3 minute read
How a synergistic approach to content strategy increases business value
By Jacob Marks
The traditional content marketing strategy has a few familiar components. Channels. Audiences. Objectives. These elements form a large part of the content marketer’s vocabulary, and together with other puzzle pieces like key messages, situation analyses, and sequencing, they form a set of defining characteristics that lead to a content marketing strategy.
And while effective content marketing strategies often check all these boxes, many content marketers are hesitant to expand the scope of their strategy beyond these traditional criteria.
For good reason. The traditional content marketing strategy has worked in the past — why change?
Because times change. In an era of increasing consumer savvy, skepticism toward marketing, and declining trust in media, content marketers need to prioritize different things than their contemporaries once thought to demonstrate their value to both internal and external audiences.
Want to create a content marketing strategy your CMO can get behind? Check out these tips.
Good content has value, but there’s more to the picture
You already know that creating authoritative, credible content — adaptable across channels and audiences — helps paint a picture of your product, service, organization or brand that goes beyond the superficial. A well-executed content strategy helps the consumer visualize how and where they might interact with your organization or its products, creating their own use cases and defining scenarios in which your product has value worth the price on the tag.
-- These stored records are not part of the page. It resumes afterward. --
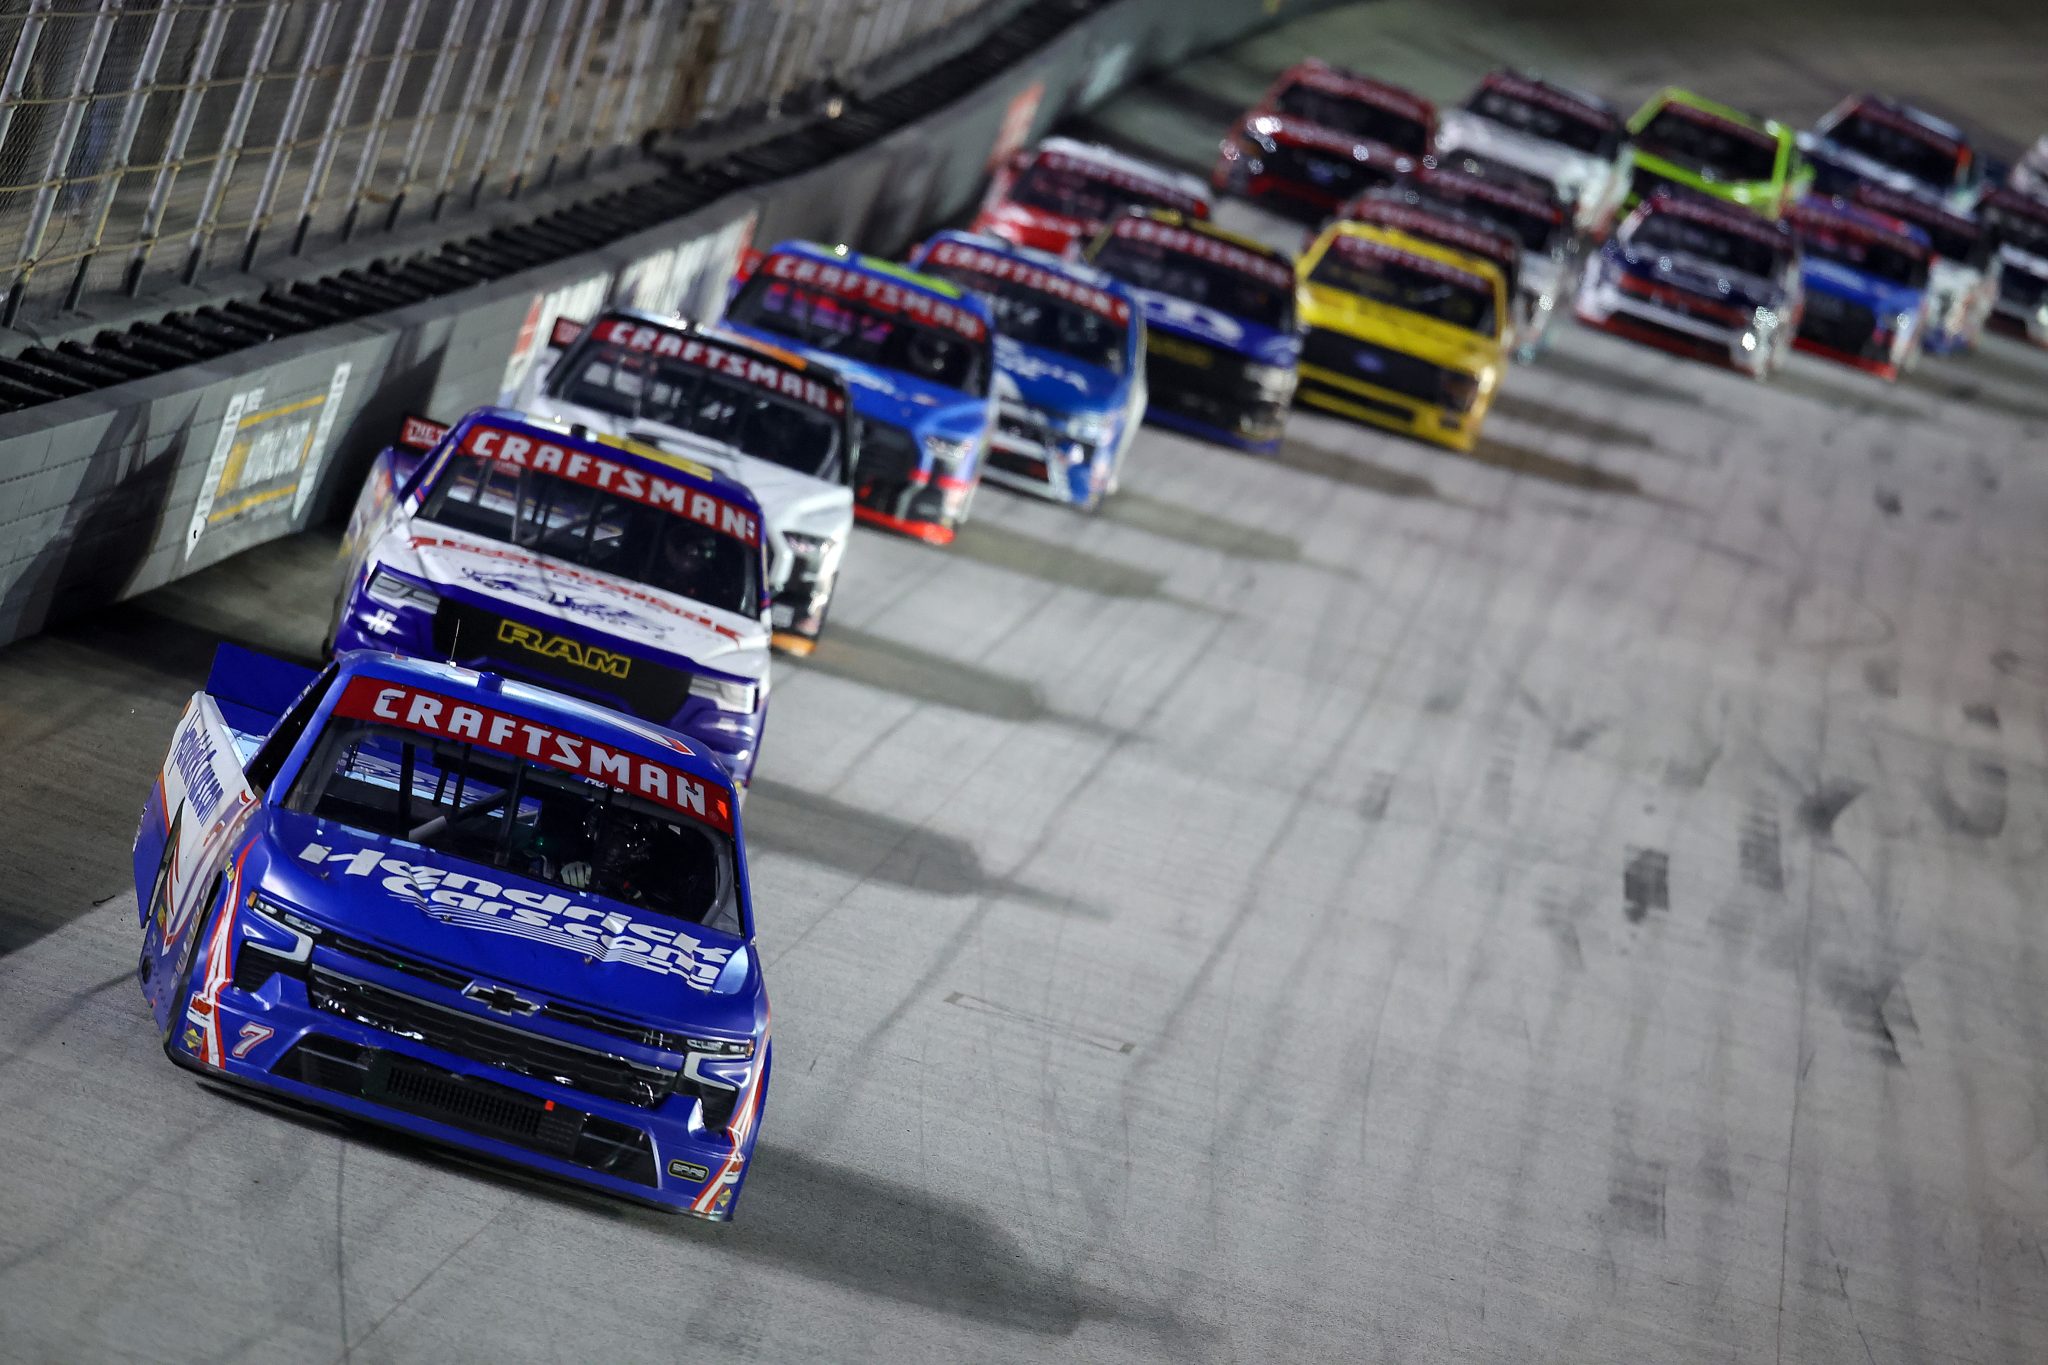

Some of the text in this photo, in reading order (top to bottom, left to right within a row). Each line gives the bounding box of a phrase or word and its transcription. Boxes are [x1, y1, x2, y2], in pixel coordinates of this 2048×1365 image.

[608, 321, 827, 407] CRAFTSMAN
[472, 431, 746, 539] CRAFTSMAN
[498, 619, 631, 678] RAM
[373, 688, 705, 816] CRAFTSMAN
[299, 843, 733, 964] Hendrick
[382, 876, 720, 980] Cars.com
[232, 1021, 275, 1058] 7
You likely also understand that thanks to content marketing and the situational factors that enable it — widespread connectivity, an abundance of mobile devices, the proliferation of social media — the purchase process has never been more transparent for the consumer, whether B2B or B2C. Never has more information about a product or service been available at our fingertips.
Knowledge is power, and the information you provide with your content gives your prospects the power to make informed decisions. The ability to build an adaptable, versatile content strategy that considers all touchpoints is a vital piece of every content marketer’s toolkit.
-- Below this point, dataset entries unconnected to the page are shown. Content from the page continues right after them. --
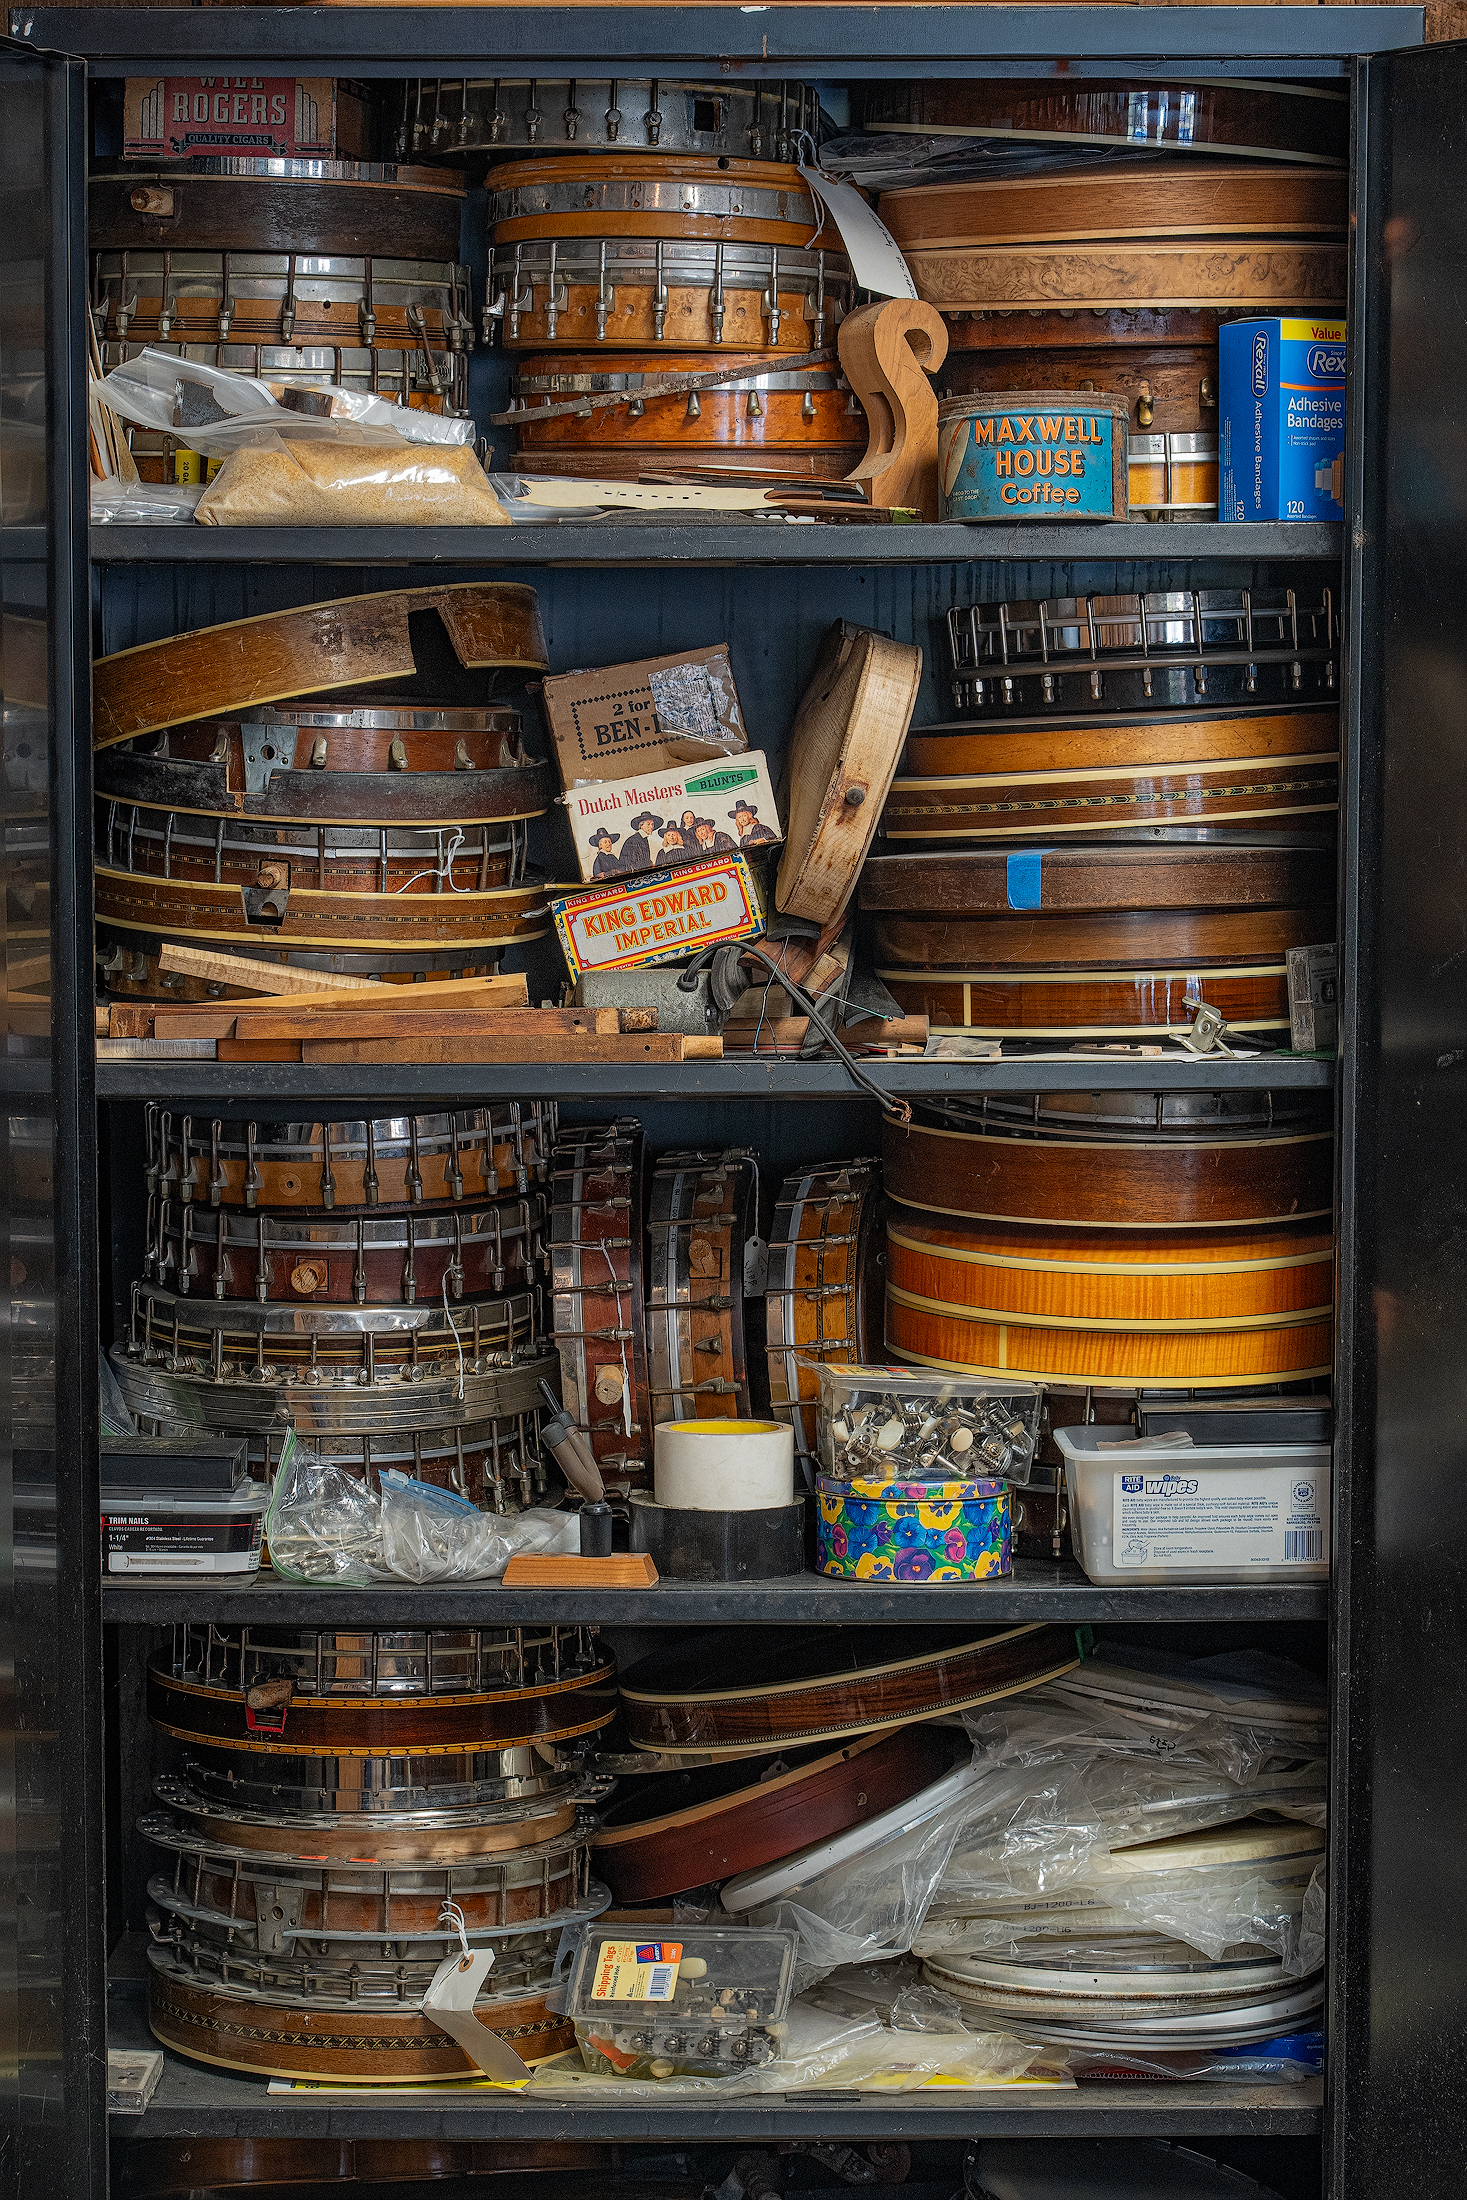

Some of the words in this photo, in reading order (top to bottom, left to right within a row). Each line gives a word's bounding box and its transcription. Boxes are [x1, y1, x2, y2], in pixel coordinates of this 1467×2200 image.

[172, 92, 286, 125] ROGERS
[188, 134, 231, 145] QUALITY
[232, 134, 270, 146] CIGARS
[1310, 326, 1342, 340] Value
[1255, 336, 1266, 390] Rexall
[1288, 396, 1342, 412] Adhesive
[974, 416, 1103, 447] MAXWELL
[1254, 400, 1262, 453] Adhesive
[1288, 413, 1343, 432] Bandages
[995, 450, 1086, 478] HOUSE
[1254, 456, 1262, 510] Bandages
[1001, 482, 1082, 505] Coffee
[1236, 500, 1245, 520] 120
[1287, 501, 1304, 514] 120
[612, 704, 624, 716] 2
[628, 700, 650, 712] for
[700, 773, 744, 790] BLUNTS
[578, 792, 622, 816] Dutch
[624, 784, 683, 807] Masters
[673, 867, 694, 878] KING
[695, 858, 730, 872] EDWARD
[568, 896, 588, 907] KING
[590, 887, 624, 902] EDWARD
[582, 906, 636, 939] KING
[637, 882, 728, 922] EDWARD
[614, 911, 712, 952] IMPERIAL
[1146, 1477, 1198, 1497] wipes
[108, 1517, 128, 1525] TRIM
[128, 1517, 149, 1525] NAILS
[603, 1946, 616, 1963] Tags
[596, 1964, 614, 1997] Shipping
But there are other benefits to an effective content marketing strategy — ones that may not be apparent in the goals, objectives or other criteria in the content strategy itself.
Marketing teams can go further in demonstrating their value to their own organization. Beyond their posted responsibilities — generating leads, situating their product or service in the market, and finding opportunities to sell more effectively — modern marketing teams are full of creative, analytical individuals that, when directed toward a different goal or aim, can have untold benefits to organizations and the individuals and groups within them.
Build synergy into your strategy
One of the exciting benefits of creating compelling content is synergy. It’s often considered a buzzword, but it makes sense here: repurposing the content you create in multiple locations and across channels, you can make better use of your resources, better solidify your message and better meet the differing needs of your audiences. If that doesn’t meet the definition, it’s hard to know what does.
That’s why building synergy, versatility, and adaptability into your content marketing strategy should be a no-brainer from the get-go.
Consider how many uses valuable content can have across the organization:
- A sales rep reads an article developed by their content marketing team. They internalize that content and build it into their sales conversations, helping address questions and handle concerns from prospects. Not only has that content contributed to sales enablement, but the messaging the sales rep is using better aligns with brand and product messaging, creating a unified experience for prospects and customers.
- A support representative stumbles on a marketing video on how particular features of the product solve a common issue in the industry. They then use that video to help solve a customer’s concern, increasing the product’s value for the customer.
- The content team is tasked with creating a case study detailing how several technical aspects of the product helped a customer succeed. They leverage an internal IT document, originally written for the CX team, to inform the more specific technical details. The resulting case study can be used by marketing as nurture content, but also helps sales teams demonstrate the product’s effectiveness and gives support teams insight into how customers are using specific features.
While these types of situations occur every day — and undoubtedly have value to your organization — they are not always an intentional outcome of a traditional content marketing strategy. They are often happy accidents.
Content is just one way marketers can empower sales teams. Read more about marketing as your secret sales enablement weapon.
What if you could build these happy accidents into your strategy — and make them intentional?
A strategy for synergy shows your team’s value
In this context, synergy means creating a content marketing strategy that deliberately considers how content — whether developed by marketing or from across the organization — can serve multiple purposes.
This type of synergy leverages the knowledge and experience across your company, often while simultaneously lessening the burden on the content team’s limited capacity.
The information you unearth, the content you create and the way you craft your messages provides value beyond marketing. Every content marketing team should explore the ancillary benefits and added value they can provide their entire organization. This includes leveraging the unique perspectives and insights of people in non-marketing teams who have direct vantage into what matters to the target audience.
Broadening the scope of your content strategy broadens the reach of your content — and its impact. That’s why looking at your ideation and brainstorming sessions through lenses of synergy, versatility, and adaptability can make a world of difference to your entire organization — not just the marketing team.